I’ve been playing a lot of NMS Next and agree wholeheartedly, overall they made the game worse in every single respect. That grindiness is grindier, the interface and controls are still an unmitigated disaster, and it’s simply not that much fun to play. Strangely I keep playing it, though I have a feeling that will wear off.
For what it’s worth, I reached the very very very very end of Subnautica, only to discover that I’d failed to locate a critical object and didn’t have a clue where to start looking for it. So I decided to start over and correct some of my other mistakes. Even knowing better how to prioritize early tasks, it’s a very fun experience.
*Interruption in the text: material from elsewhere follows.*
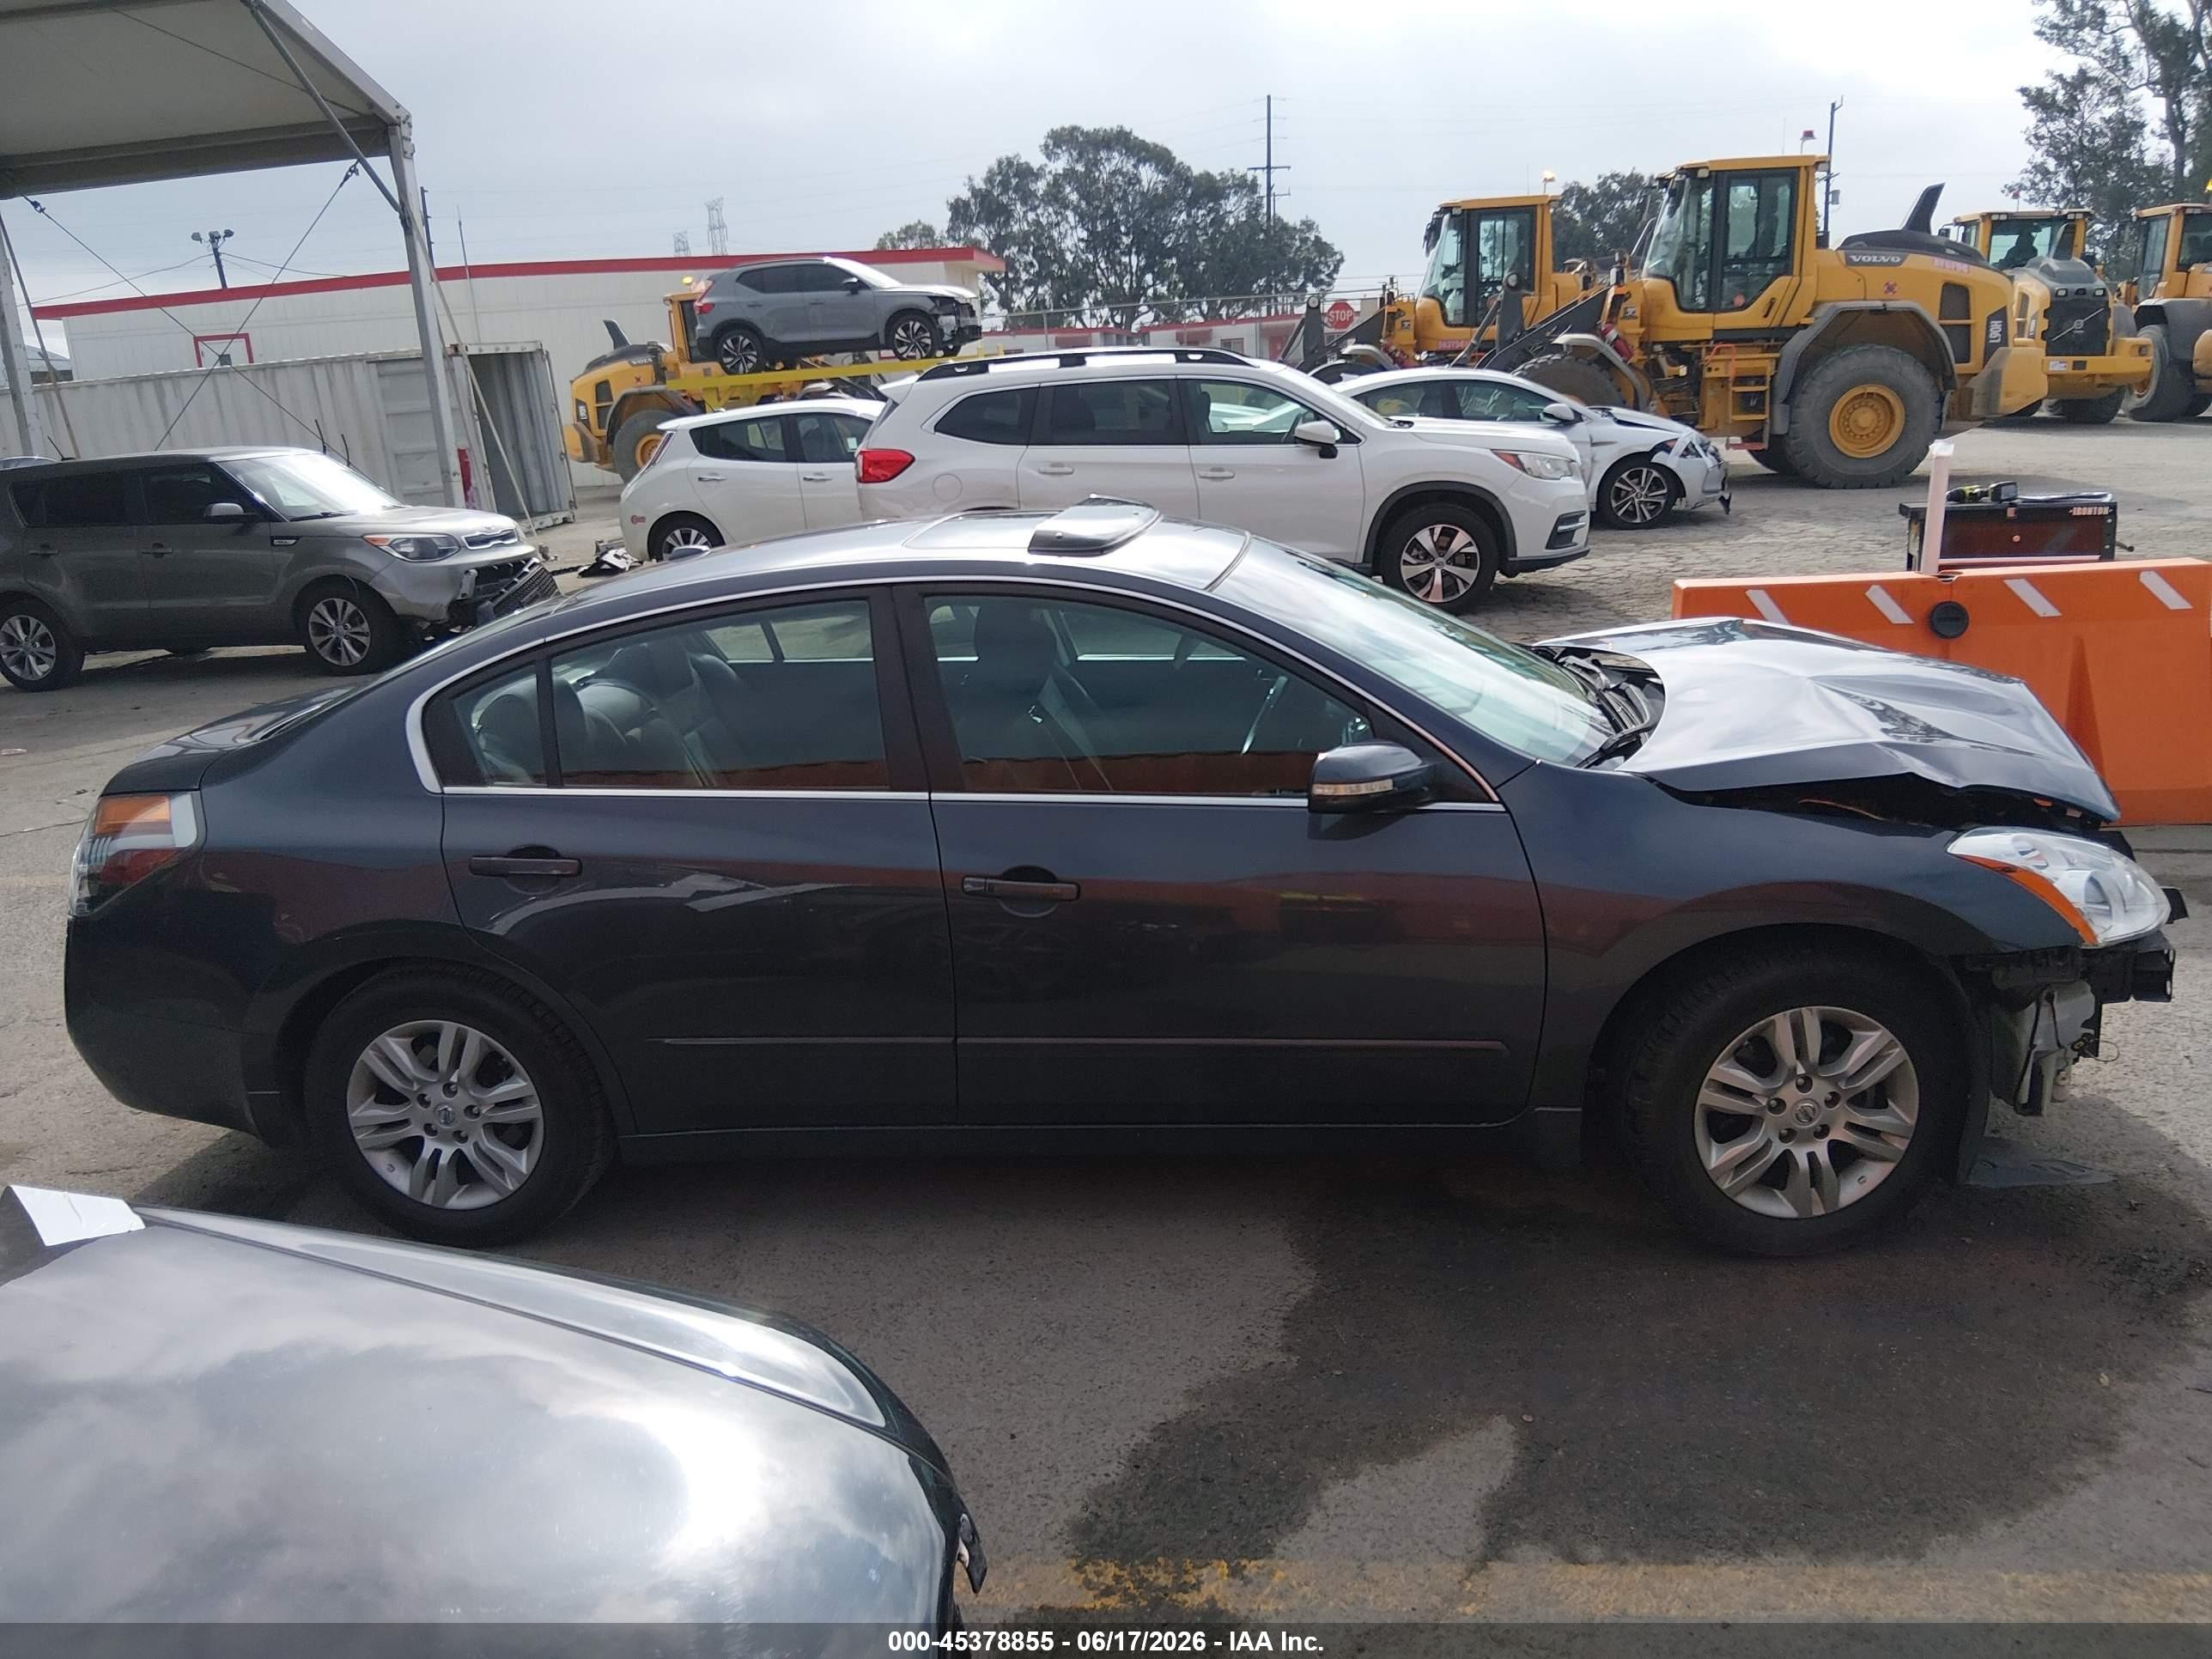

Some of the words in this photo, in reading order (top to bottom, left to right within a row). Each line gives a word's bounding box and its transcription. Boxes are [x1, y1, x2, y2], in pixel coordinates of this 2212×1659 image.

So, cards on the table, Steerpike, half of my Subnautica play is done with my children watching. In fact, I explicitly chose it because they love watching world exploring games and I knew it would be a big hit. It was! I’m grateful for the choices Unknown Worlds have made in that direction.
The fact that none of the pods had a surviving occupant bothered me initially when it seemed like accidents killed them all. But when the game implied all of these incidents might not have been accidents.. I thought that was clever. Although I kept waiting for “an attack” that never came. That narrative incident would be true to the game but violate the safe space of the opening area – you tell me which one is the worst design crime?
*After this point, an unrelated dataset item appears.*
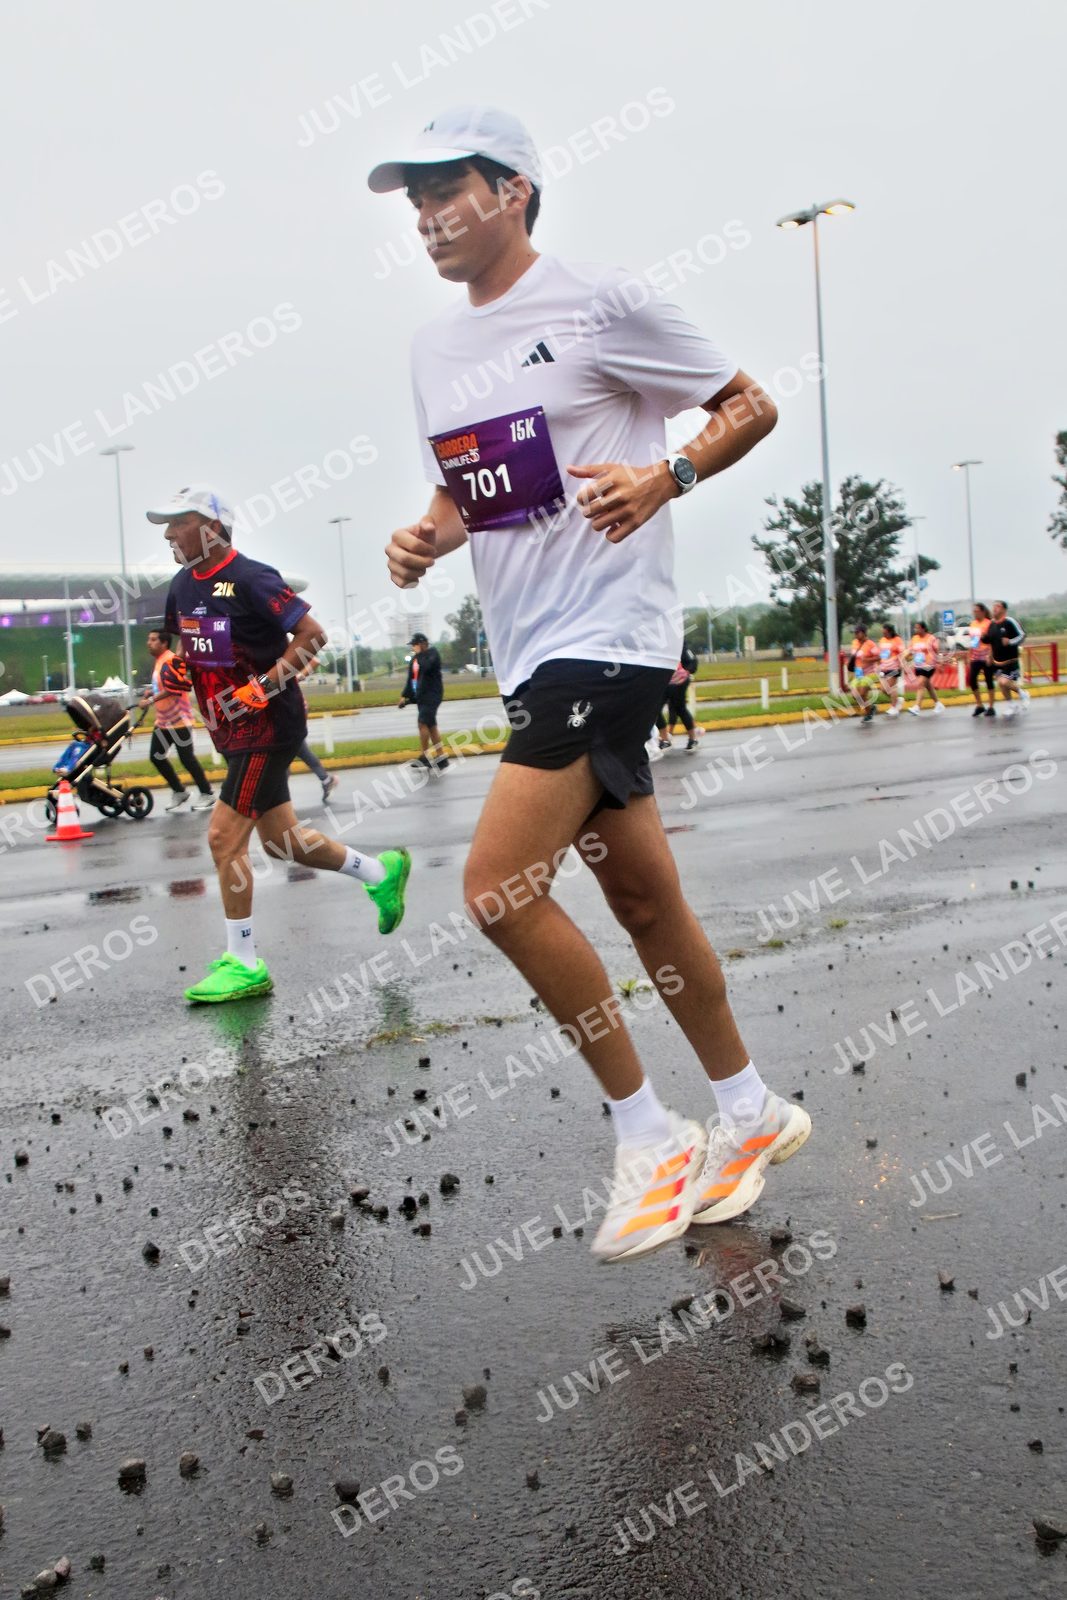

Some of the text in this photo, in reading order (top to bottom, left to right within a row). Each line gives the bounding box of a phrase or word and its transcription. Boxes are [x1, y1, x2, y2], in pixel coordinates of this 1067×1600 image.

We’re very close to finishing. It’s been quite a ride.
Agreed. There’s nothing really lost by leaving out the butcher’s bill in the game, and while the opposite could have been a visceral experience as well, it would have limited the audience without any real benefit.
It’s to the game’s credit that you’re never completely sure what’s going on, and I was never completely sure whether important moments had triggered on a timer or based on some action I took. There’s a very strong implication that something else is going on, but you’re never quite given all the details, which I love, because it builds the sense of mystery while you still enjoy the beautiful world. Finding empty pods that had clearly been blown open or damaged by things that I’d never seen living in the shallows all added to the riddle that is the planet. This coupled with the fact that other people DID survive planetfall — the radio makes this clear — led me to believe that maybe there was a villainous saboteur who might come after me. I was certain of it at one point when my early base flooded. But no, it turned out I’d just angled the solar panel wrong.
I assumed the “base strength” was an indicator that at some point it would come under attack! And it was clear some of the other survivors were set upon deliberately from the radio chatter… plus it very much sounded like we were on the list too…
Of course, nothing happened.
But you’re right that the game is careful to paint the scene gently holding back from big flashy neon signs. Writer Tom Jubert has done a great job. I even read some of the scanning descriptions which is not something I do usually in these games. Although my children were on point wondering how all these creatures were named already if no one had visited before.
Gosh I should get this game finished!